Across the records below, how many lines include the string "words"? State the number and nothing more.

» **DATA RECORDS**:

Start of Block

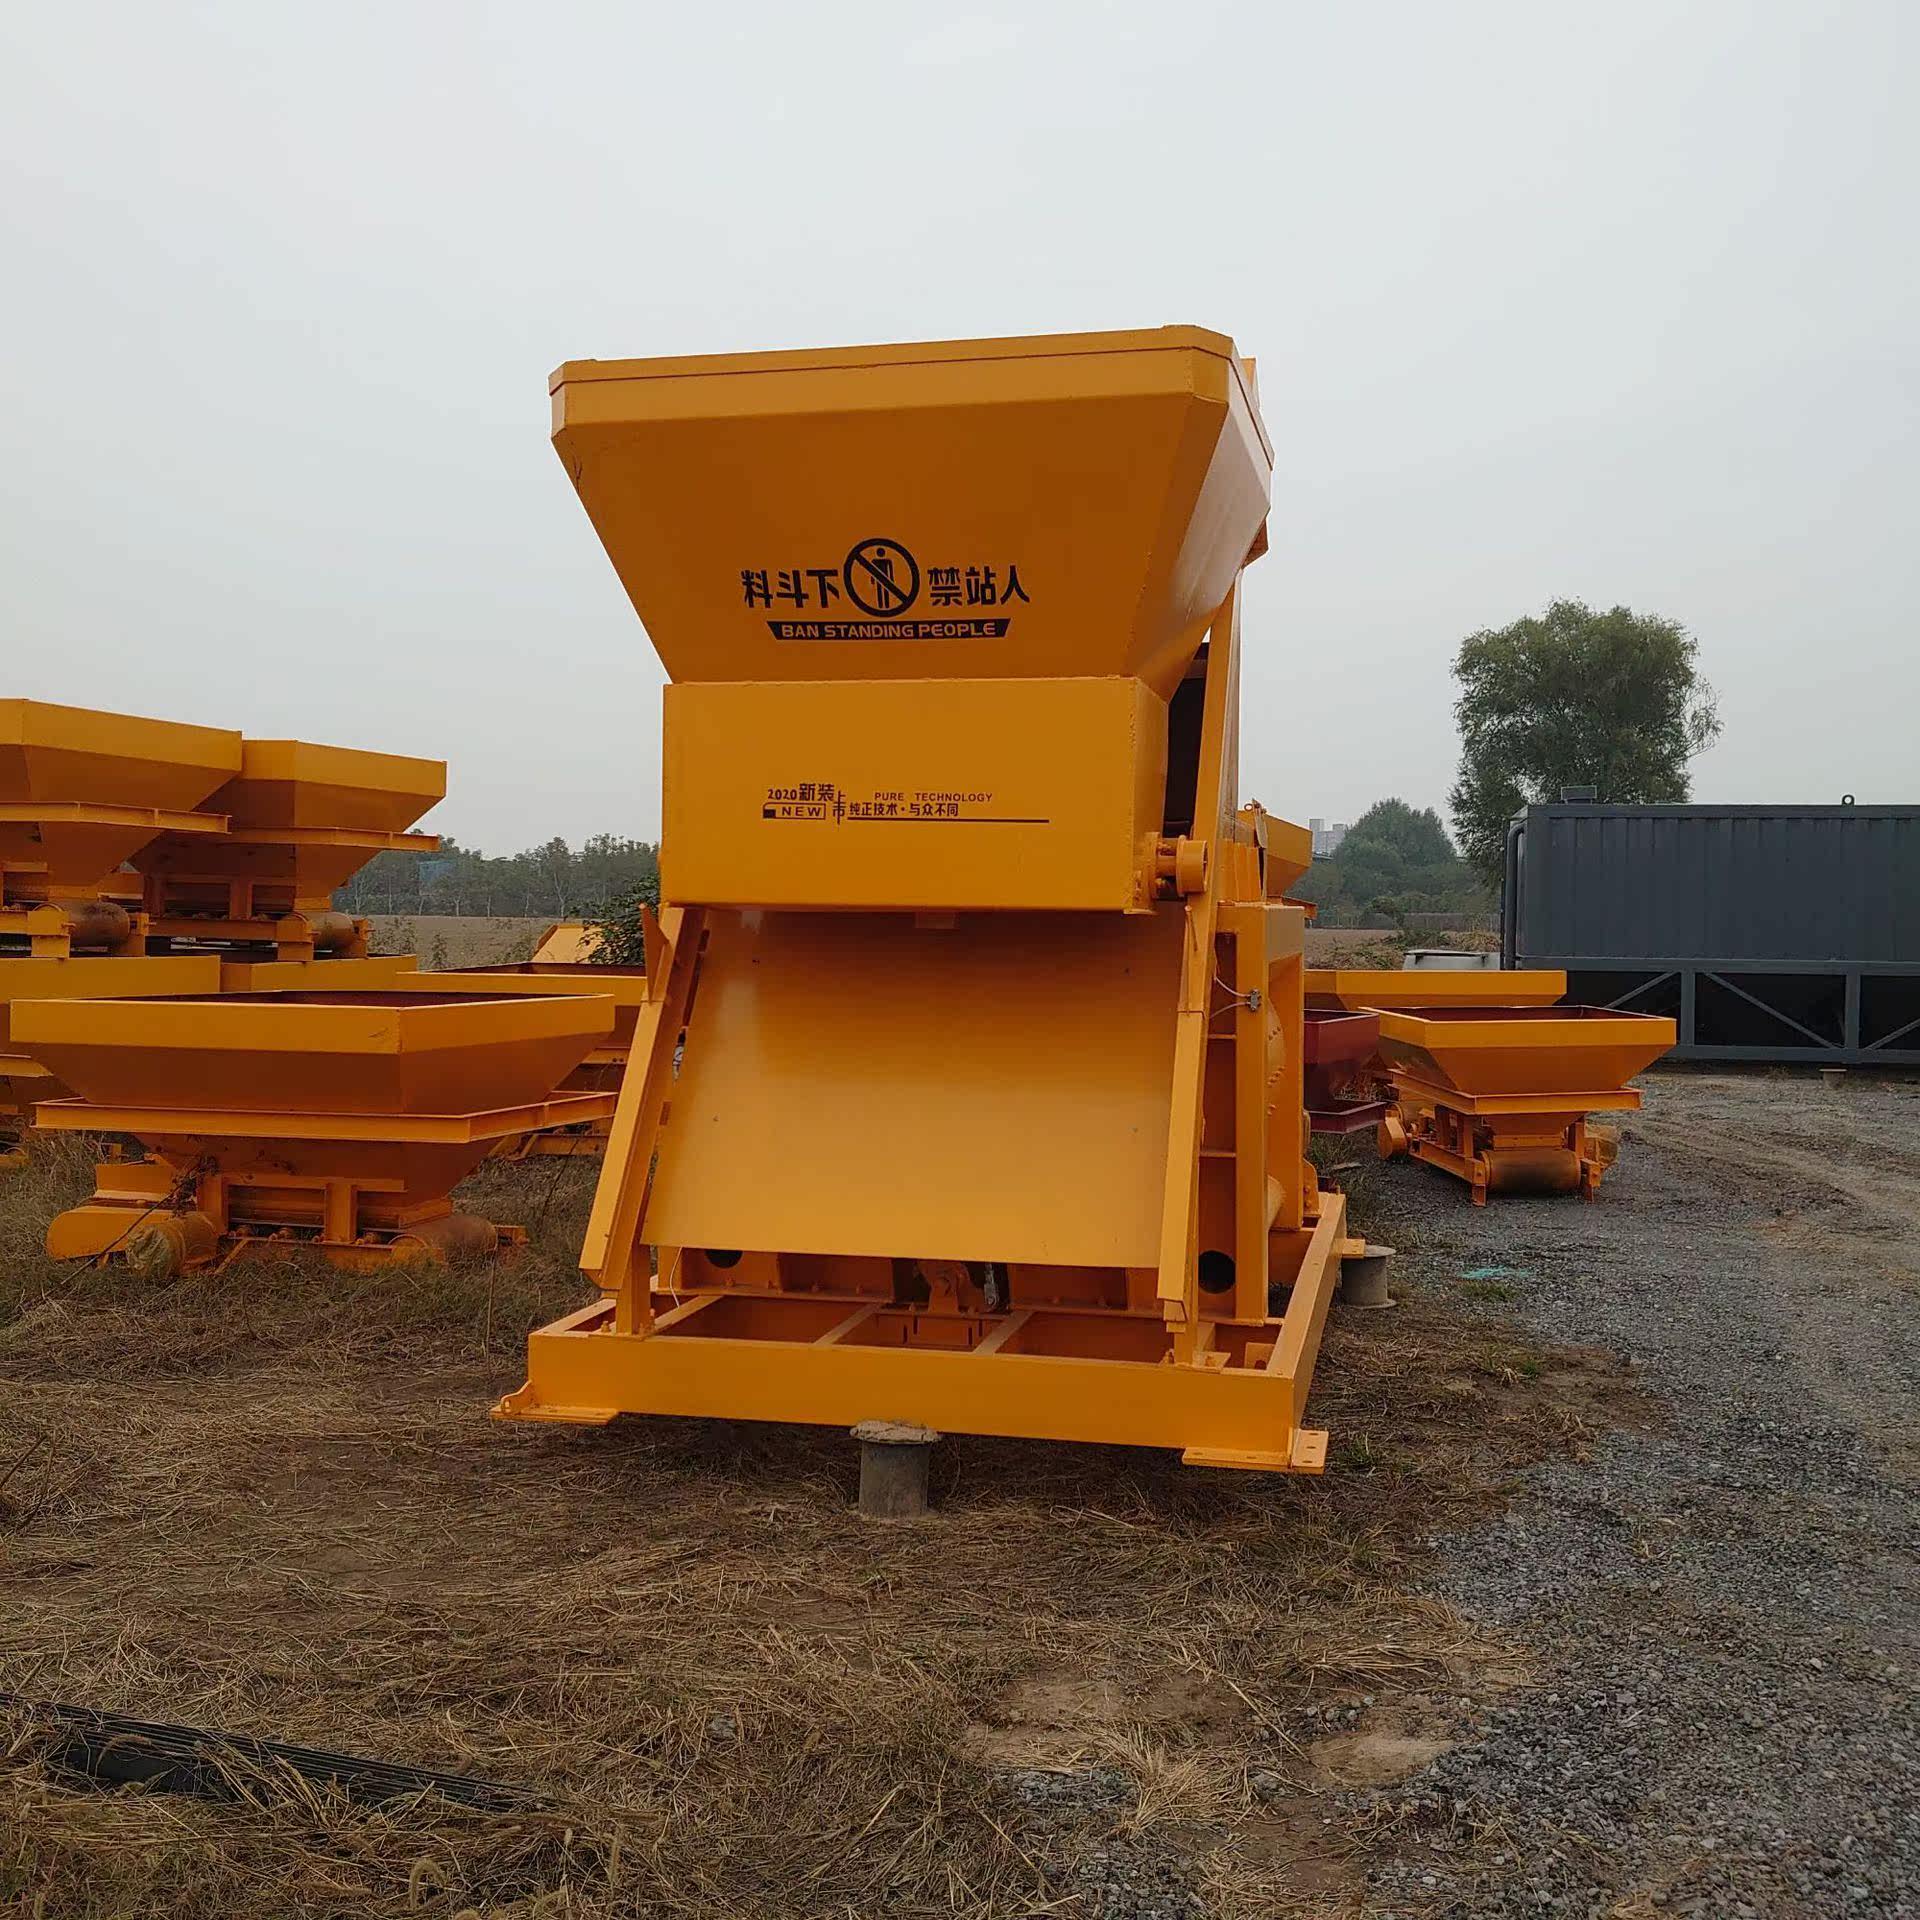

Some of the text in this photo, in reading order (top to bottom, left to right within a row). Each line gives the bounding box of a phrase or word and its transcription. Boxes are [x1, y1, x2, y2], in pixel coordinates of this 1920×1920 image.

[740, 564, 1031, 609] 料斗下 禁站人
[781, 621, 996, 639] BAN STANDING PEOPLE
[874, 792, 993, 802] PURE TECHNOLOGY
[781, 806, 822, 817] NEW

End of Block
Start of Block

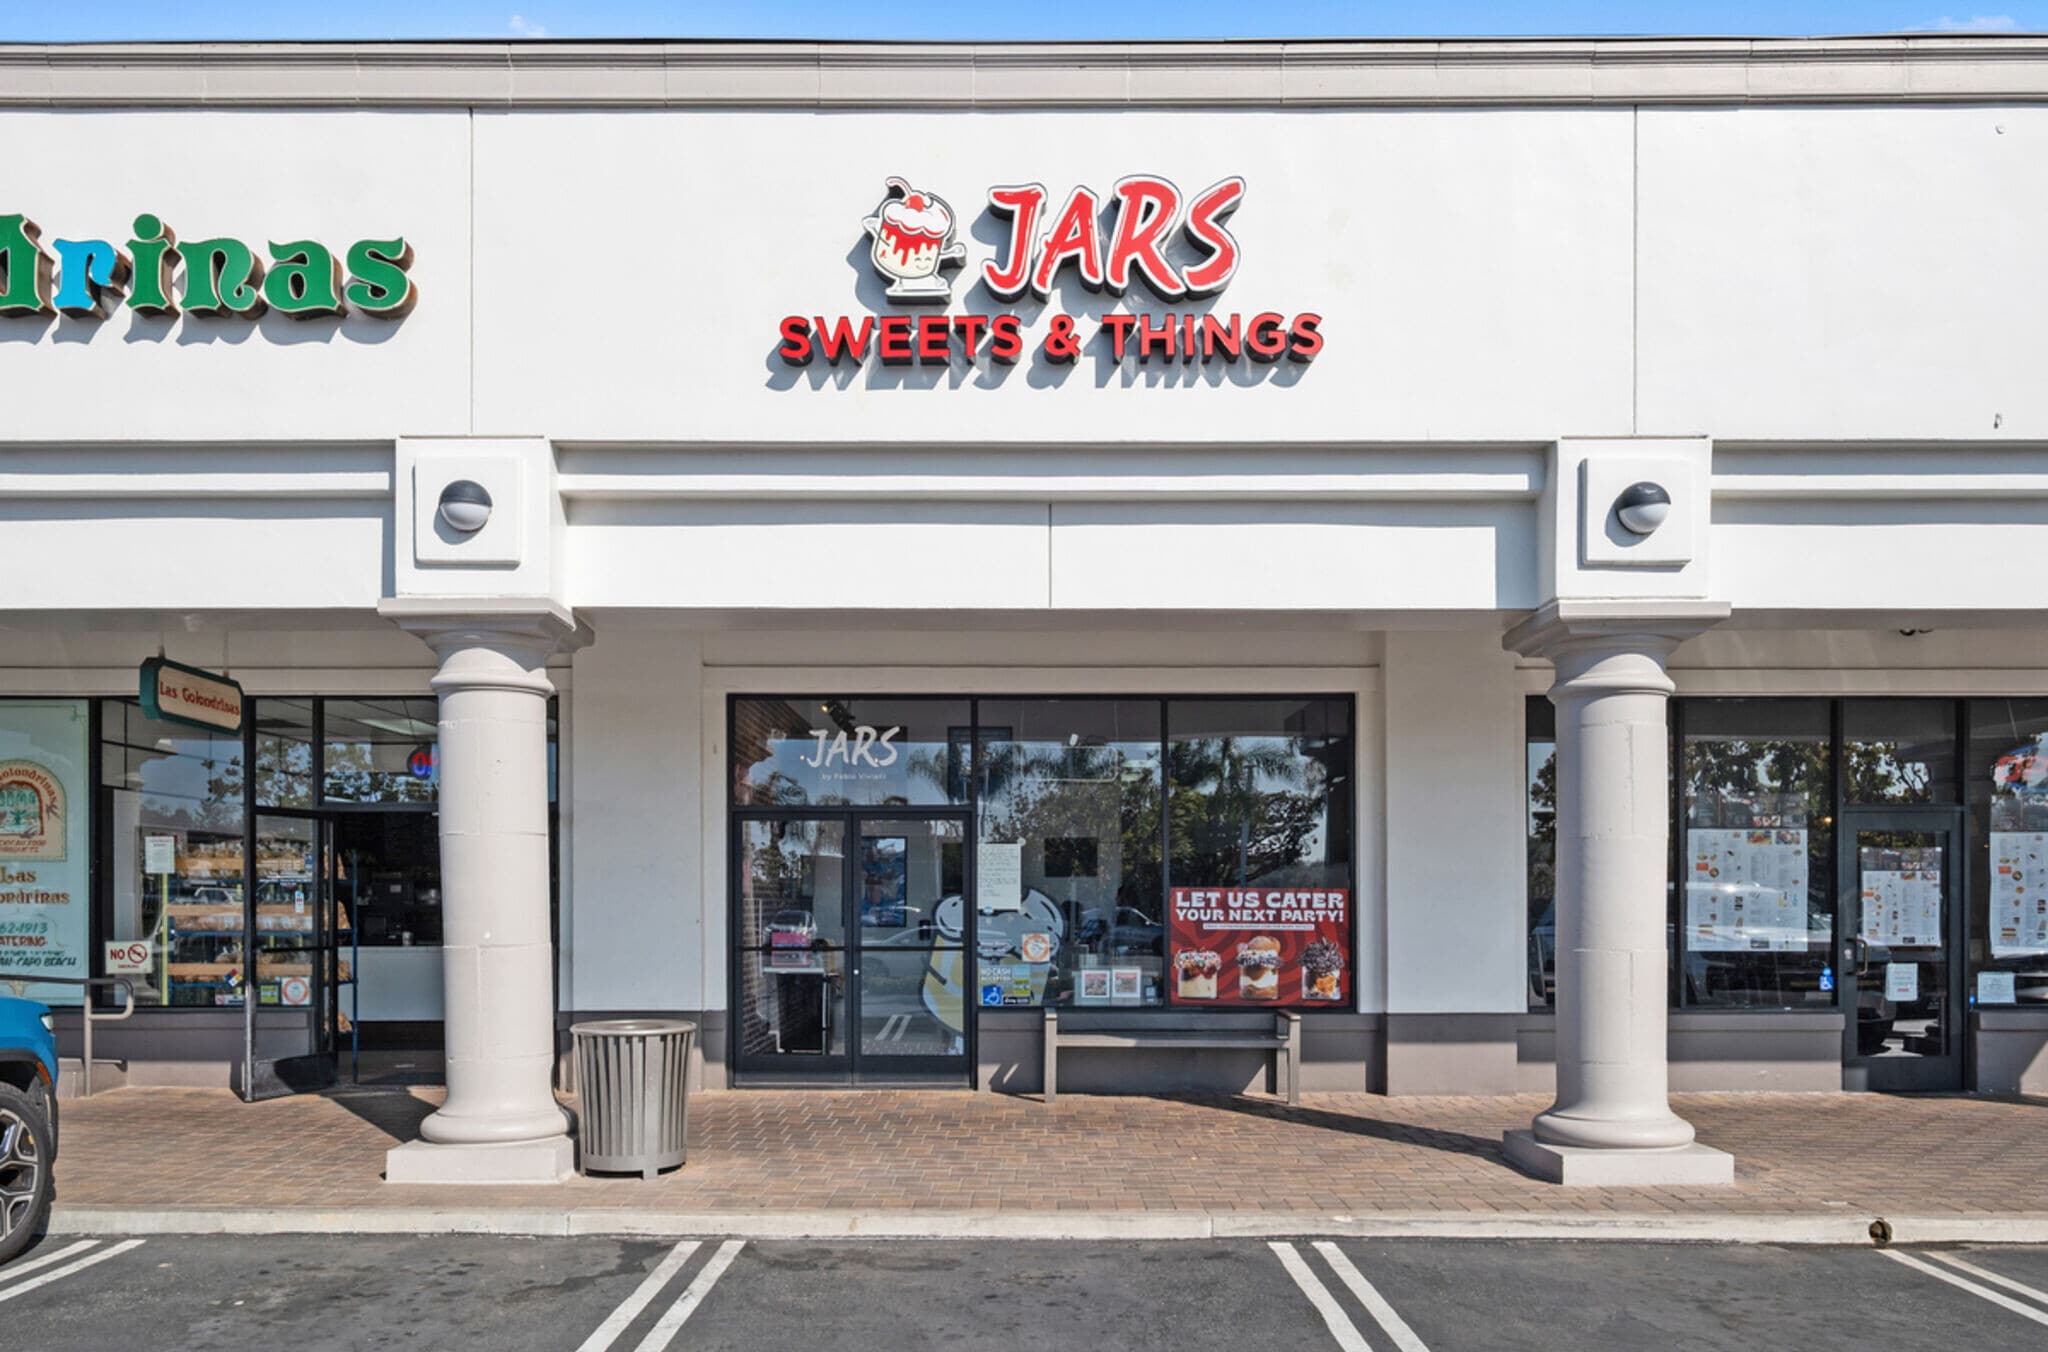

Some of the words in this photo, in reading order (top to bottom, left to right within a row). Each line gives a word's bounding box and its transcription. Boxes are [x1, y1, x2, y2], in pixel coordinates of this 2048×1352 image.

End of Block
Start of Block

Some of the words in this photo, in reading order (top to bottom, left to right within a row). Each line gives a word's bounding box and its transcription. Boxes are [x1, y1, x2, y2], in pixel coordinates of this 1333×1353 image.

End of Block

» **TASK RESULT**: 2